In her second two-year term, Warmington said she discovered the issue when she would review the draft minutes. She thought that Wheeler’s votes on some contracts were a misprint or in error by the Secretary of State’s Office in the transcript.
But instead, she said she found that at the end of meetings, Wheeler would routinely go up to the recording secretary with a list of his votes, often “no” votes to contracts which Warmington thought were the other way.
“Councilor Wheeler confirmed with me that on some items he remains silent during the voice vote but then submits his opposition to the item in writing after the meeting. The Secretary of State records these after-the-fact silent votes in the minutes just as if Councilor Wheeler had voted ‘no’ at the time the vote was taken.
“Having previously reviewed the manual of procedures governing executive council actions, I recalled that the manual of procedures had specific language addressing this matter. It states that if councilors present at a meeting choose to remain silent or otherwise abstain from voting, their silence or abstinence will be taken as acquiescence or concurrence in the action taken by a majority of the votes cast,” she said.
Warmington, an attorney, noted there is a 1953 Supreme Court case on the matter. She said the attorney general has concluded there is no legal impediment to Wheeler or other councilors continuing this practice.
“I believe that the public has a right to know how all councilors voted,” she said calling the council the most transparent in our government.
“It is directly contrary to the public interest to allow councilors to hide their votes from the public. That said, if councilors are allowed to vote in writing while remaining silent, the public has the right to understand the rules governing that conduct and therefore I have a few questions for the attorney general,” Warmington said.
Wheeler said he took “umbrage” to the concept that this is a new practice and said he has been doing it since his time in the Senate 34 years ago. He said allegations that he was hiding something with his votes are “absurd.”
Attorney General Formella was asked how long after a council meeting a councilor has to make their vote among other questions.
Formella answered that the 1953 case was not about the practice Warmington is concerned about.
He said the state Senate has had a long practice of allowing for the recording of a vote up to two business days after the vote was taken.
He said the procedure could be amended if the governor and council chose to change it but it has been past practice.
Formella said his understanding is that Wheeler’s practice is to turn in his votes at the end of the meeting.
After it’s adjourned? Warmington asked.
Formella said: “I don’t think it’s a line you draw minute by minute.”
What is the official vote on an item? she asked.
“At the end, it’s still a silent vote. It’s a piece of paper passed,” she said without any public announcement or knowledge.
Formella said: “I wouldn’t say that it’s silent. It’s a recorded vote,” when the minutes are approved, usually at the next meeting which is normally two weeks after.

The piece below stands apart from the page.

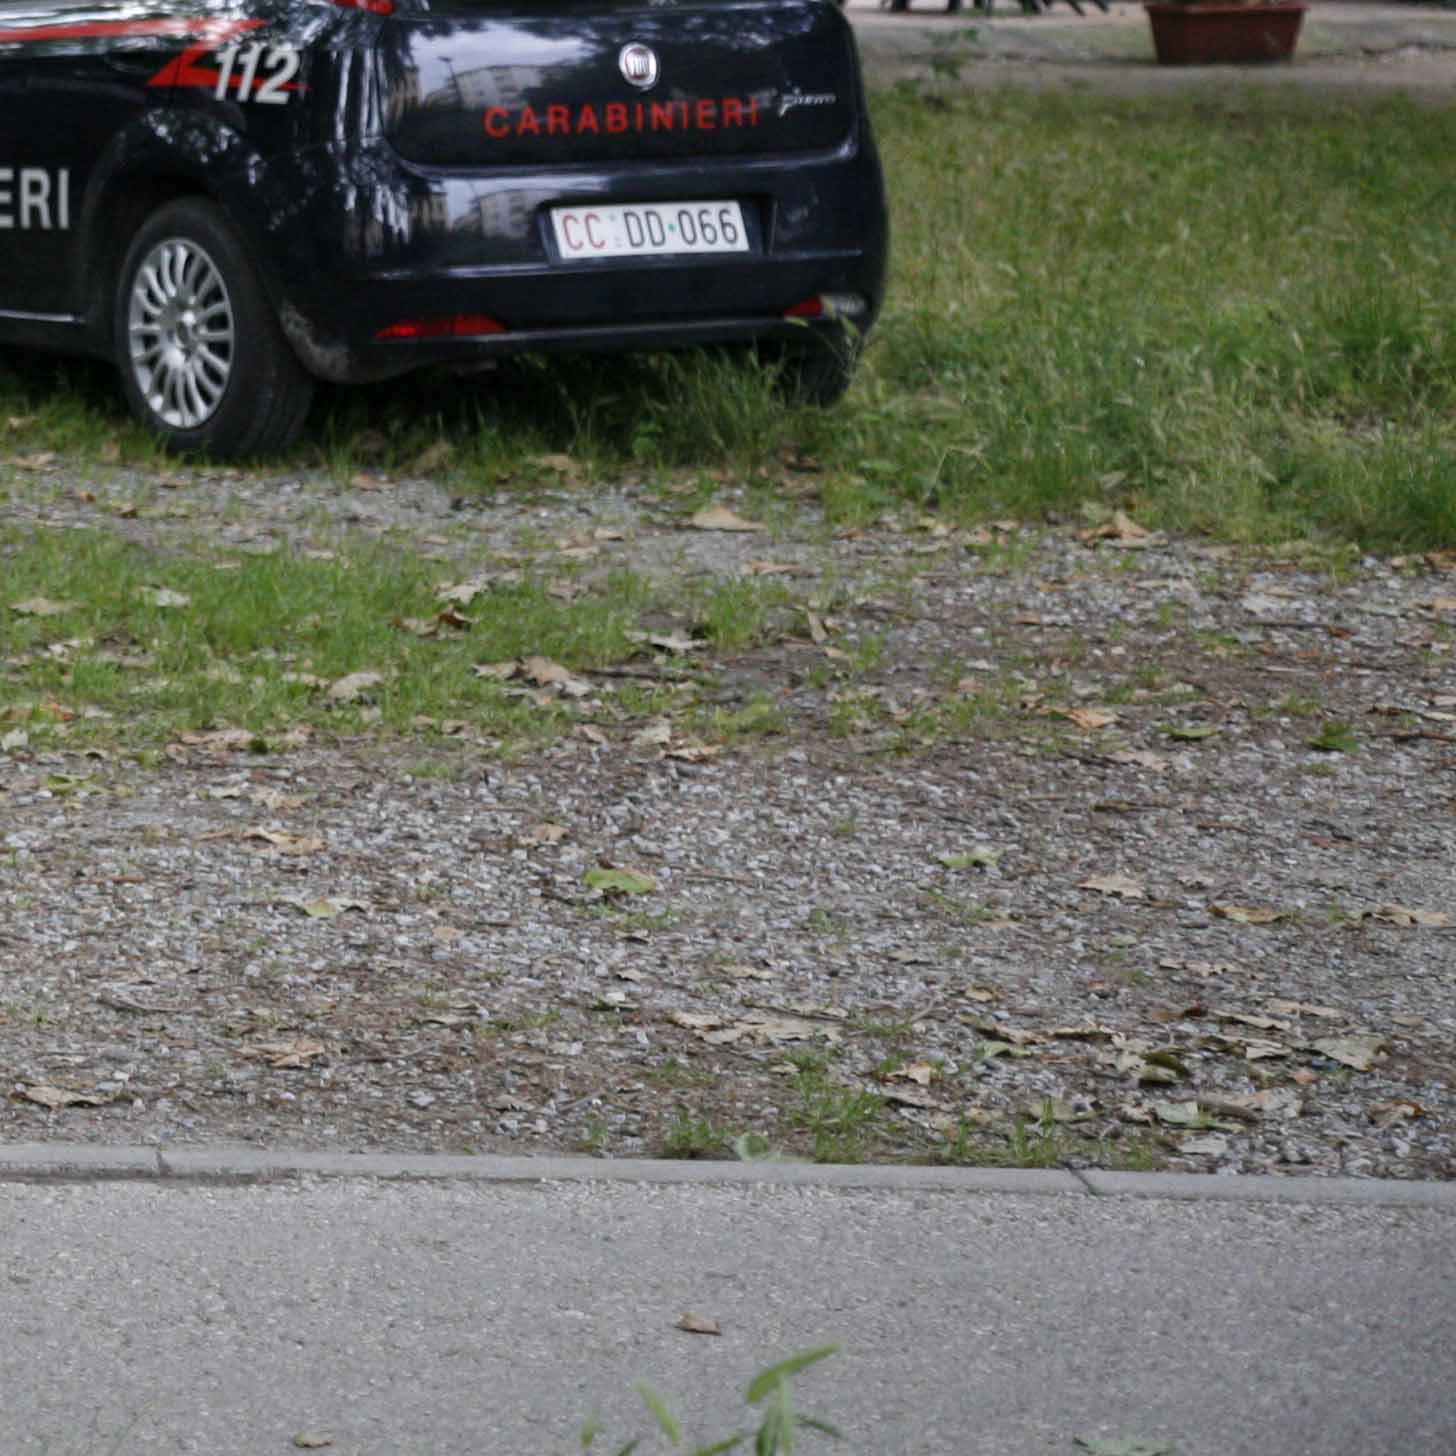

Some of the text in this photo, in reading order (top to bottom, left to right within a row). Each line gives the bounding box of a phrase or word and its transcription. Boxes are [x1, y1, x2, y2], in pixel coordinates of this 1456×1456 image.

[215, 40, 300, 105] 112
[483, 96, 760, 138] CARABINIERI
[561, 208, 739, 251] CC DD 066

If a governor announces that it was a unanimous vote and the councilor still remains silent, is that acquiescence? Warmington asked.
“My understanding is the practice includes sometimes still reporting a ‘no’ vote at the end even as announced, the vote is unanimous,” Formella said.
“Okay, now the paper that Councilor Wheeler hands to the Secretary of State’s office, is that a public record?”
Yes, Formella said.
When does the public get access to that record, she asked.
“I would say once it is given to the Secretary of State,” Formella said.
“Does it have to go through a right-to-know request to get access to the record?… Just how long does the public have to wait to know how Councilor Wheeler has voted,” said Warmington.
“I would say that it is immediately available,” he said.
Sununu interrupted and asked if the meeting minutes were available to the public before they are finalized.
They are not.
“So technically, could someone come in a week later before they are publicly recorded and change a vote?” Sununu asked.
Formella said: “No, I don’t think so. The practice is that it happens right after. That is the longstanding practice…you have to stay consistent with that.”
“I don’t know,” Warmington said.
“Those are technically on file somewhere?” Sununu asked, and that was confirmed by the recording secretary who showed stapled notes to her notepad.
After the meeting, the Secretary of State produced the notes from Wheeler not only for the meeting Wednesday but for all the meetings this year which were photographed by InDepthNH.org.
It appears Wheeler has voted “no” on about six agenda items, on average which may or may not have been picked by the recording secretary from the Secretary of State.
At the last meeting, there were a number of Health and Human Services contracts Wheeler voted against on paper, and one on homeless housing, Warmington said.